By living and working with the Kichwa people, I was able to gain a deep understanding of their culture, including their difficulties, joys, and way of life. The Kichwa culture is beautiful, welcoming, and rich, full of traditions and accompanied by a unique language. I exercised my language skills not only in Spanish, but also in learning parts of the indigenous language as I struggled through the challenge to communicate fully in an indigenous community. I was able to take part in many different aspects of Kichwa culture, including being treated by an Amazonian medicine man, partaking in a traditional guayusa ceremony, and preparing traditional meals with my host family. My host grandmother, a 93-year-old woman who speaks only Kichwa, rubbed herbs on my stomach when I was sick, and my 7-year-old host sister asked hundreds of questions about my life in the United States, including what my freckles were. I was able to have many conversations with my coworkers and family about issues of rights of indigenous groups in Ecuador, climate change, the struggle against foreign oil companies, and suppression of indigenous groups, from which I learned perspective and became passionate about issues that I previously didn’t know existed. By living with a host family, I was able to witness the simplicity of the Kichwa lifestyle, which is focused on community, family, and sharing. The hospitality and generosity that was consistently extended to me over my stay in Ecuador overwhelmed me and reminded me that it is often those who have the least that give the most. Living in Ecuador for an extended period of time not only allowed me to become acquainted with the beautiful parts about life in Archidona, but also with the hardships that the Kichwa people struggle to overcome. Getting to know a new culture has not only put my own into perspective, but taught me that learning about culture and development is so much more than reading about it in a textbook.

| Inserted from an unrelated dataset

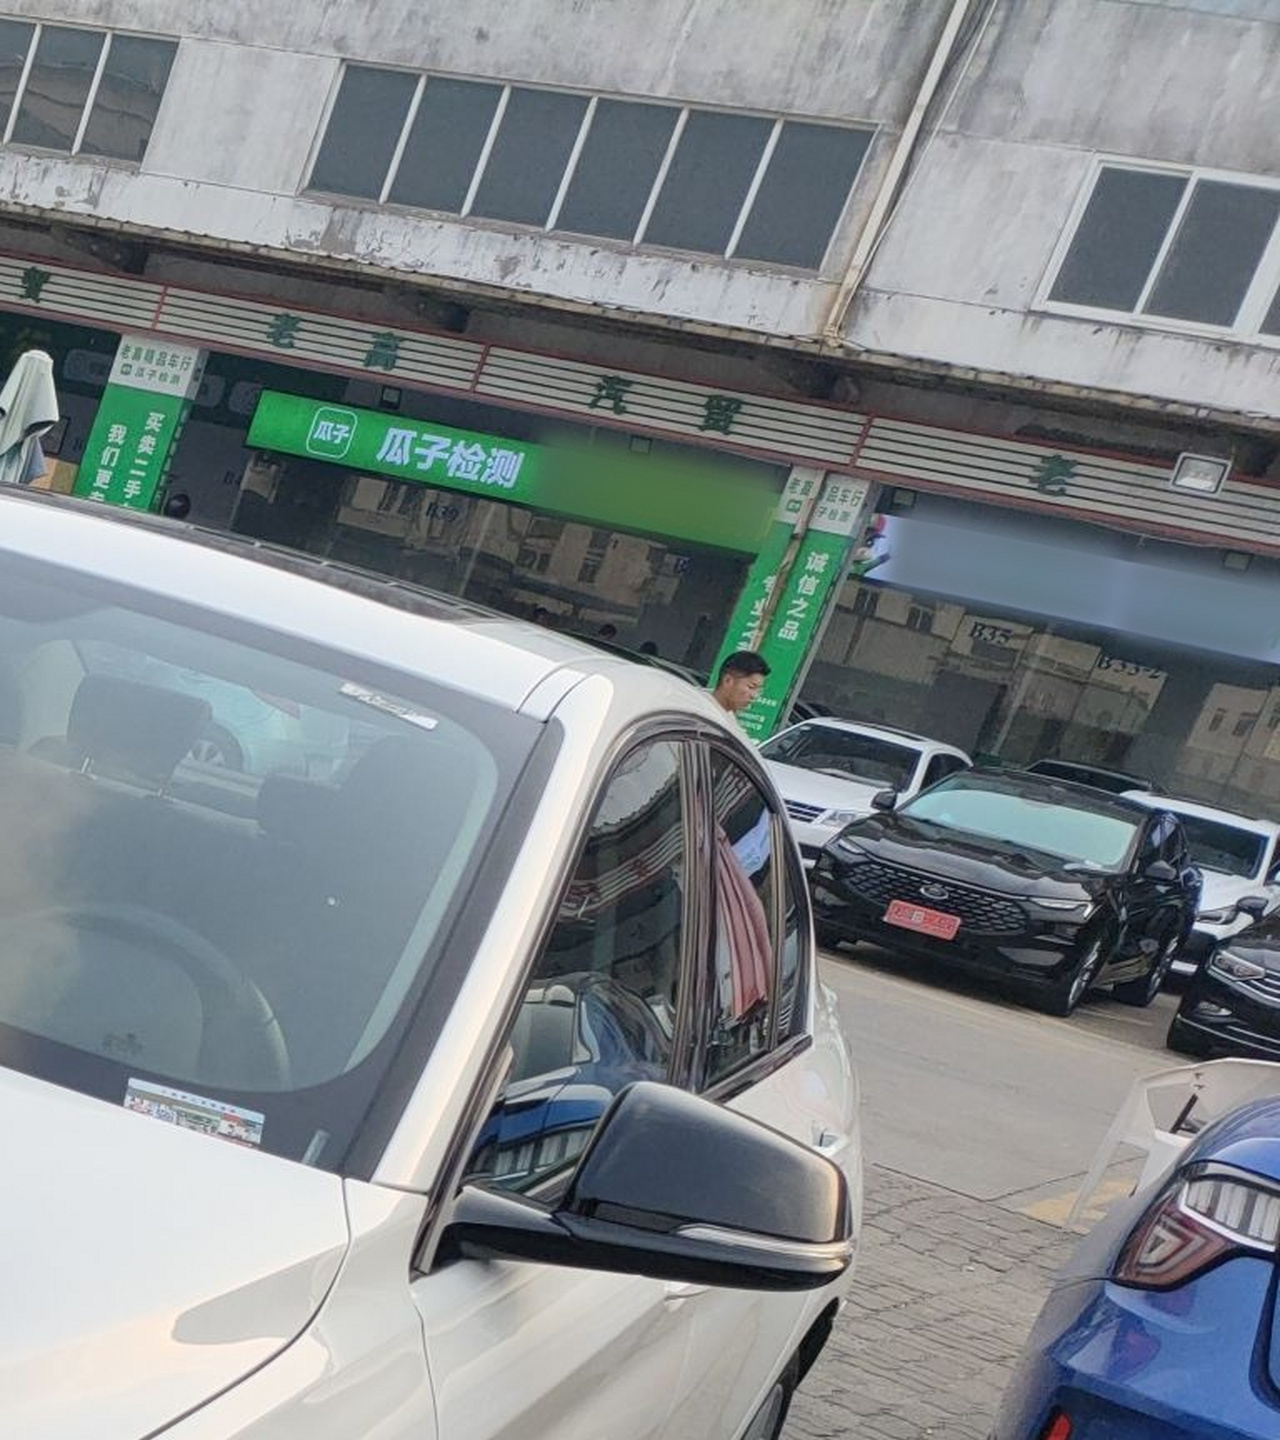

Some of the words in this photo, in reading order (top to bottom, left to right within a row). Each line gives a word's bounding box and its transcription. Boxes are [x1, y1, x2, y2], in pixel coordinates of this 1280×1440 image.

[122, 412, 166, 507] 买卖二手
[313, 420, 351, 445] 瓜子
[377, 426, 525, 489] 瓜子检测
[777, 550, 830, 641] 诚信之品

It is difficult to put into words the magnitude of the way my experience in Ecuador has shaped the way that I now view the world. In addition to giving me the gift of a new perspective and invaluable experiential knowledge, I now have a second family who I will always feel connected to in a special way, even though they are many miles away. My time in Ecuador has enriched my life by teaching me lessons that will be useful both in my personal and professional lives. Although I have learned so much in Ecuador, I am equally humbled by the experience, as it has opened my eyes to how much there is that I don’t know, including the beauty and nuances of the many cultures, issues, and passions that exist around the world.